Jinyoung uyandığında boğazında berbat bir acı vardı. Yüz ekşitip gözlerini araladı ve doğruldu. Burası hastane odasıydı. Jackson neredeydi? Eline baktı, eli daha iyi sarılmıştı. Kendini halsiz hissediyordu ve Jackson'ı istiyordu. Pencereye baktığında havanın aydınlık olduğunu gördü. Kaç saattir baygındı ki? Her şeyi çok net hatırlıyordu. En son Jackson ile öpüşüyorlardı ve kontrolü Jinyoung ele almıştı. Gülümsedi. Sonrasında ise gözü kararmıştı ve bayıldı. Jackson çok korkmuş olmalıydı. Birden kafasında hissettiği sancıyla inledi ve elini kafasına koydu. Pamuk yapıştırılmıştı. Düşerken kafasını bir yere vurmuş olmalıyım diye düşündü ve üstüne baktı. Hasta önlüğü vardı. Açılan kapıya döndüğünde Jackson'ı gördü. Büyük olan hızlıca yanına ulaştı ve kollarını yatakta oturan bedene sardı. Çok korkmuştu. Jinyoung birkaç saniye sonra boynunda hissettiği ıslaklıkla Jackson'ın ağladığını anlamıştı. "Hey...hey hey? Ağlıyor musun..?" Jackson kollarını ayırdı. "S-sen aptalsın! Jinyoung sen aptalın önde gidenisin tamam mı?! Ne kadar korktuğumdan haberin var mı? B-birden...kollarım arasında bayıldın ve yer kanla kaplandı!" Jinyoung başını eğdi. Kendini suçlu hissediyordu. "Yanıma gelir misin..?" Jackson'ın onu reddetmesinden korktu. Bir an o kadar çok korktu ki gözlerini kapatıp bekledi çünkü Jackson yanına gelmek yerine onu orada bırakıp odadan çıkacaktı. Ama beklediği gibi olmadı ve Jackson yanına gidip önüne çömeldi.

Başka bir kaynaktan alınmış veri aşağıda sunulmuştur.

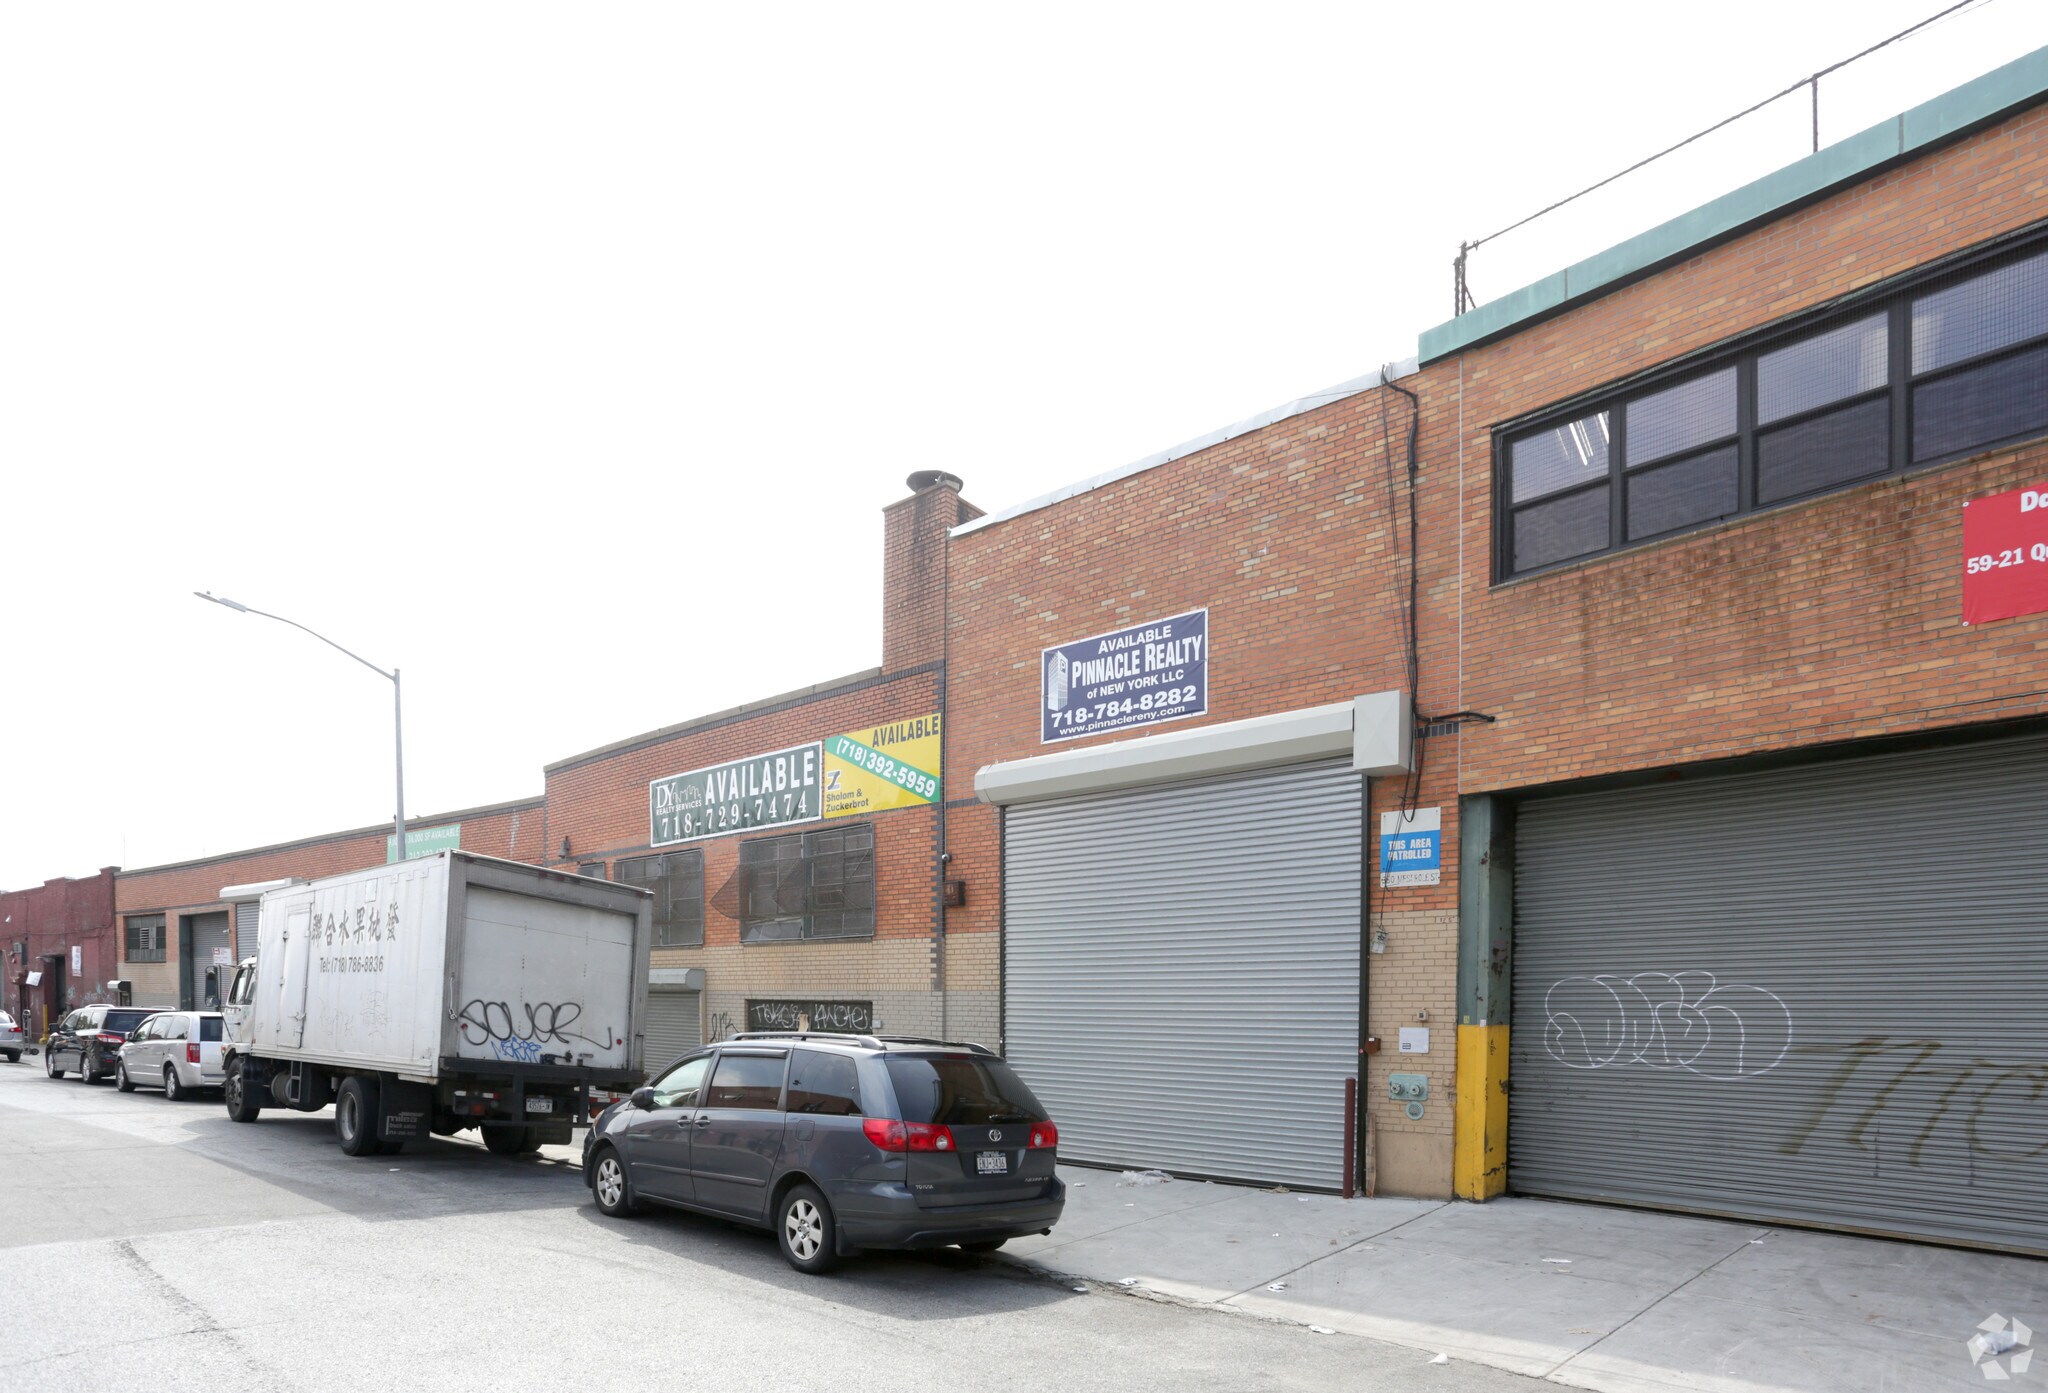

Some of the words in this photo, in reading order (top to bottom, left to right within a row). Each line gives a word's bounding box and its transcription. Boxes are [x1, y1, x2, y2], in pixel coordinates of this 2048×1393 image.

[1967, 547, 2024, 575] 59-21
[2030, 543, 2048, 563] Q
[1098, 625, 1172, 655] AVAILABLE
[1071, 649, 1140, 689] PINNACLE
[1144, 634, 1203, 673] REALTY
[1087, 688, 1098, 700] of
[1100, 682, 1125, 697] NEW
[1127, 675, 1158, 692] YORK
[1162, 669, 1185, 684] LLC
[1051, 685, 1197, 728] 718-784-8282
[1059, 705, 1185, 736] www.pinnaclereny.com
[872, 715, 939, 748] AVAILABLE
[705, 750, 815, 805] AVAILABLE
[836, 738, 867, 766] (718)
[866, 752, 936, 798] 392-5959
[656, 782, 677, 809] DY
[656, 805, 675, 815] REALTY
[675, 799, 702, 812] SERVICES
[826, 790, 855, 803] Sholom
[856, 788, 863, 797] &
[826, 798, 869, 813] Zuckerbrot
[662, 790, 808, 838] 718-729-7474
[431, 827, 460, 840] AVAILABLE
[1388, 840, 1406, 850] THIS
[1410, 838, 1431, 849] AREA
[1388, 848, 1432, 861] PATROLLED
[319, 957, 330, 973] Tel:
[331, 956, 347, 974] (718)
[348, 955, 384, 973] 786-8836
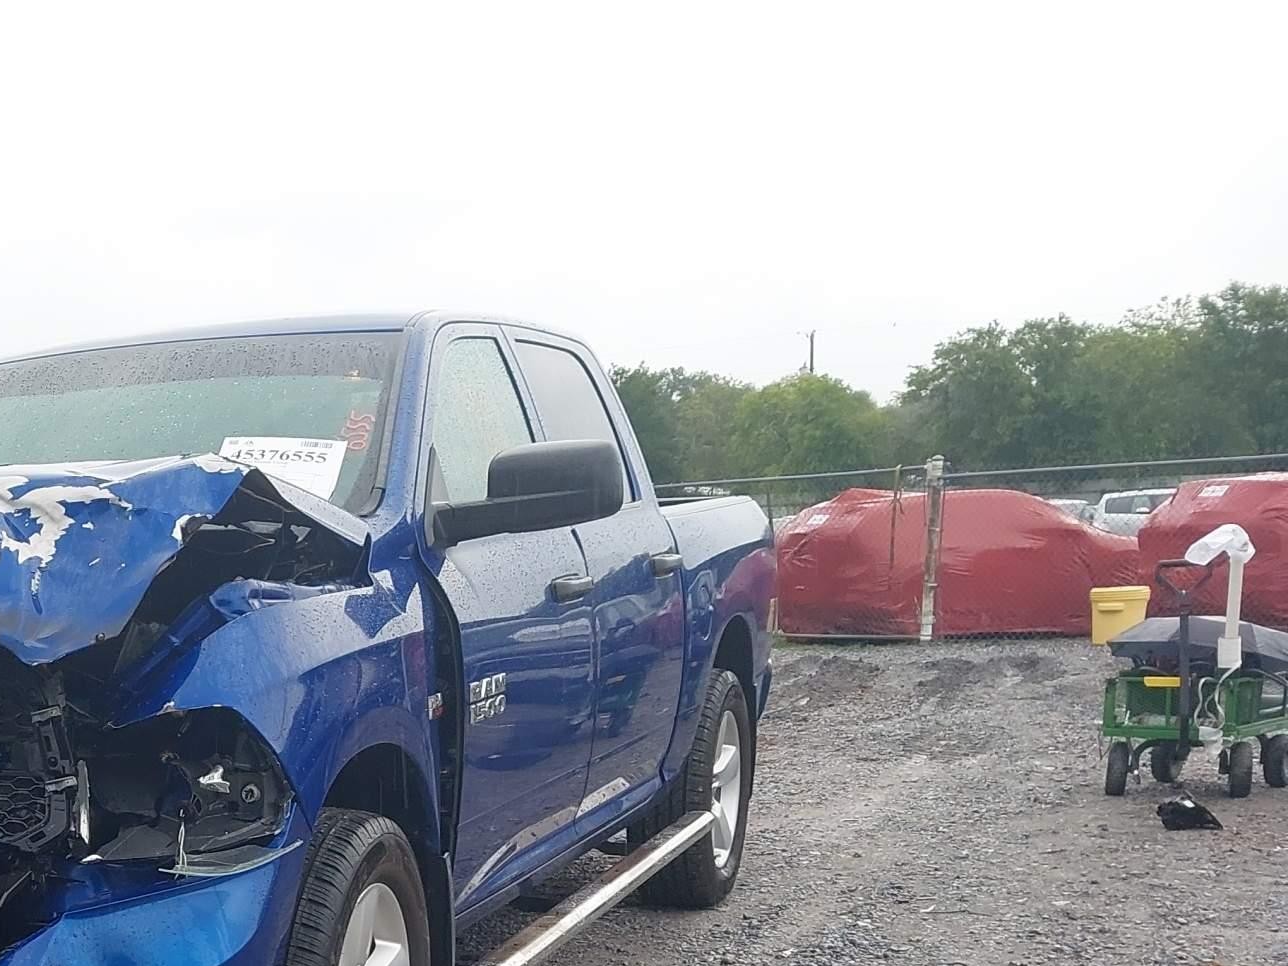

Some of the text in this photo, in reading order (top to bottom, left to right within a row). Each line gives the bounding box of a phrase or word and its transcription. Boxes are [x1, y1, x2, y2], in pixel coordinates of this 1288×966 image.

[231, 449, 329, 464] 45376555
[470, 672, 507, 703] RAM
[470, 694, 507, 724] 1500

"Bebeğim..." mırıldandı. Jinyoung yaşlarını serbest bıraktığında Jackson alttan ona baktı. Dudaklarını büzmüş bir şekilde ağlıyordu. Jinyoung'un sargılı olmayan elini, elleri arasına alıp okşadı ve önlüğüne bir bir düşen damlalara baktı. Uzun saçları başını eğdiğinden dolayı aşağı düşmüştü ve Jinyoung her burun çektiğinde yavaşça hareket ediyorlardı. Jackson, Jinyoung'un önlükten açık kalan bacağına öpücük kondurup saçlarını geriye doğru itti ve yaşlarını sildi. Onu ağlarken görmeyi sevmiyordu. Jinyoung elini Jackson'ın ensesine koyup yatağa uzandı ve Jackson'ı kendine doğru çekip burnunu dudaklarına sürttü. "Artık...sevgilin olmadığını söylemezsin." Jackson kıkırdadı ve kolları arasından kurtulup dikleşti. "Peki...artık eve gitme vakti çünkü bebeğimiz bizi bekliyor." Jinyoung yaşlarını silip güldü. "Doğru...bizim minicik bir bebeğimiz var değil mi?"

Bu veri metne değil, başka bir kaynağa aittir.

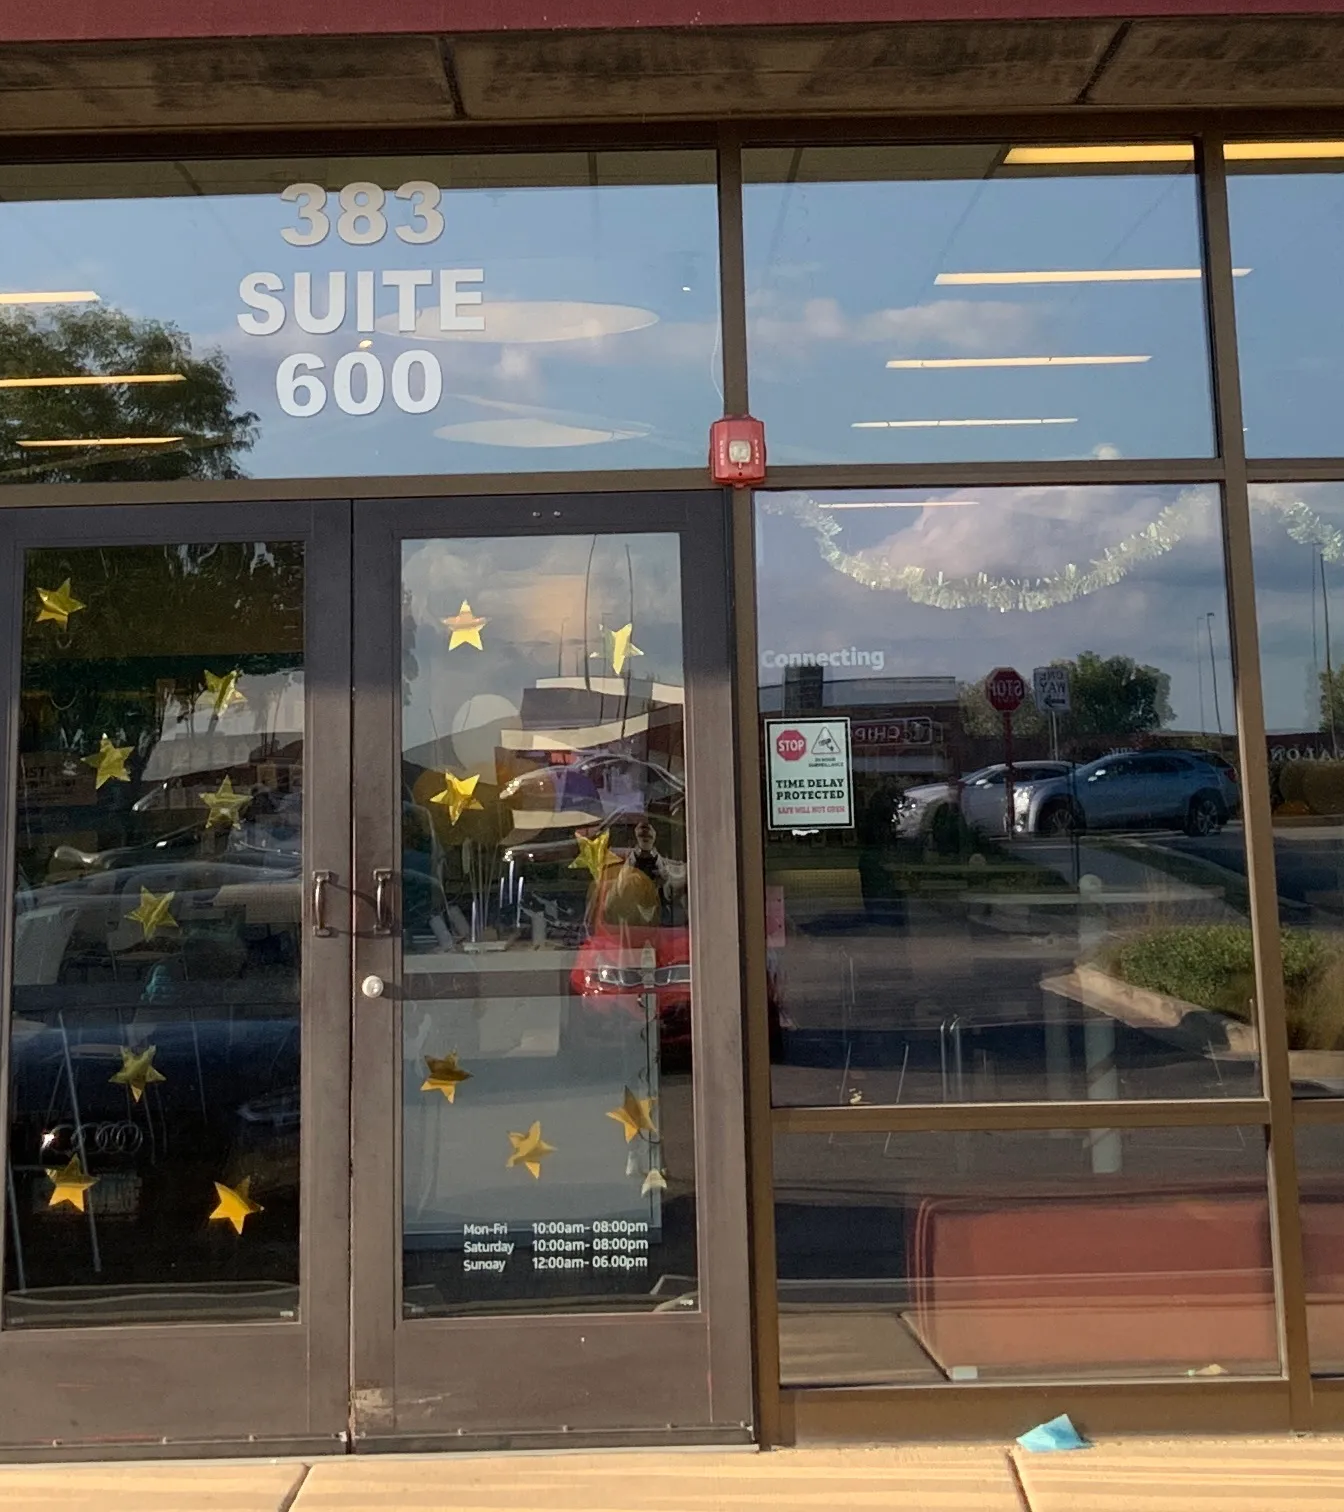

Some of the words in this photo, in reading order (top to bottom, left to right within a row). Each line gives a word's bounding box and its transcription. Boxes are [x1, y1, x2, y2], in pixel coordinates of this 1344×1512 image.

[280, 181, 445, 246] 383
[237, 268, 485, 335] SUITE
[276, 350, 442, 417] 600
[761, 646, 885, 671] Connecting
[778, 739, 805, 752] STOP
[776, 779, 804, 788] TIME
[808, 778, 844, 788] DELAY
[776, 790, 845, 800] PROTECTED
[463, 1223, 508, 1235] Mon-Fri
[592, 1221, 648, 1235] 08:00pm
[463, 1240, 514, 1255] Saturday
[592, 1238, 648, 1252] 08:00pm

Jackson gece Jinyoung için getirdiği gri eşofmanı ve beyaz tişörtü giymesine yardım etti. Sonrasında beraber arabaya binip Bambam ve Yugyeom'un evine gittiler. Vardıklarında Jackson arabadan inip Jaemin'i aldı ve bebeğini arka koltuğa oturtup kendisi eski yerine geçti. Jinyoung, Jaemin'e dönüp gülümsedi. Eve vardıklarında Jaemin hemencecik Jinyoung'a sarıldı. Hasta olduğunu biliyordu. Jackson yorgun olduğunu söyleyip yatak odasına çıktı ve yatağa uzandı. Partide Sehyoon'u görmüştü ve yanında bir kadın vardı. Ofladı, Sehyoon kadınlardan hoşlanmazdı bile! Hafif doğrulup tişörtünü çıkarttı ve elini alt karnında gezdirdi. Sehyoon'un ne yapmaya çalıştığını anlamıyordu. Elleri kasıklarına indiğinde ne yaptığını sorguladı ve hızlıca parmaklarını göğsüne çıkarttı. Yine aynı şeyleri yaşamak istemiyordu. Aklına birden eskiden yaşanan bir olay geldiğinde gözlerini kapattı ve derince ofladı. O gün eve flörtleşerek gelmişlerdi ve birkaç şey yapmışlardı. Jackson, küçüğünün bedenine oldukça zarar vermişti çünkü dürtülerini kontrol etmek onun için çok zordu. Fiziksel birçok zarar vermesine rağmen Jinyoung onu hiçbir zaman zorlamamıştı ve üstüne gitmemişti. Sonuçta o da rahatsızlığını bildiği halde Jackson'la beraberdi.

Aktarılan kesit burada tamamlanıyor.